*** Begin section ***
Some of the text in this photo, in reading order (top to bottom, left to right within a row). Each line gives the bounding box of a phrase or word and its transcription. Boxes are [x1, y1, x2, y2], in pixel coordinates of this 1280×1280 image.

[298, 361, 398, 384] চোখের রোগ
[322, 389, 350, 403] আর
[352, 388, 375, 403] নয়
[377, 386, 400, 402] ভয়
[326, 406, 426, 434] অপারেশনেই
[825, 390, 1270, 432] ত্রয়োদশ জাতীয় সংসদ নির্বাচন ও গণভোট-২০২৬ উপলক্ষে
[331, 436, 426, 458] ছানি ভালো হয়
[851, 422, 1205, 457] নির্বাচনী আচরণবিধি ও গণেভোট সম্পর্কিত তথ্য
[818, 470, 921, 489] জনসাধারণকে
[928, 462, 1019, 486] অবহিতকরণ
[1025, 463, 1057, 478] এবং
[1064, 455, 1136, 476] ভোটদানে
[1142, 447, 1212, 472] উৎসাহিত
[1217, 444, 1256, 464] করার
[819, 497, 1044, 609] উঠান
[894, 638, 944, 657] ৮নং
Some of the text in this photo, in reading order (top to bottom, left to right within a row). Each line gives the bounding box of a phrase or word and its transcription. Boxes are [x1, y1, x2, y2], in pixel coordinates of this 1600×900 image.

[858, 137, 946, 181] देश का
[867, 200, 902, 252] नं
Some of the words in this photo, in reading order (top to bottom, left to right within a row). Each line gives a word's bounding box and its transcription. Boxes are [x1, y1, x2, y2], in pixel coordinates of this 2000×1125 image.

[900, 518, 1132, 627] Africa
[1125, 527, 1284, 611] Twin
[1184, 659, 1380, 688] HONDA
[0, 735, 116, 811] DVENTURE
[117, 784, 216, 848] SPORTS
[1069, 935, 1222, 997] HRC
*** End section ***
» TRY IT
Each line from the one containing "Some of the words" through the end of the material must be output exactly, and no other line.

» ANSWER TO THIS TASK
Some of the words in this photo, in reading order (top to bottom, left to right within a row). Each line gives a word's bounding box and its transcription. Boxes are [x1, y1, x2, y2], in pixel coordinates of this 2000×1125 image.

[900, 518, 1132, 627] Africa
[1125, 527, 1284, 611] Twin
[1184, 659, 1380, 688] HONDA
[0, 735, 116, 811] DVENTURE
[117, 784, 216, 848] SPORTS
[1069, 935, 1222, 997] HRC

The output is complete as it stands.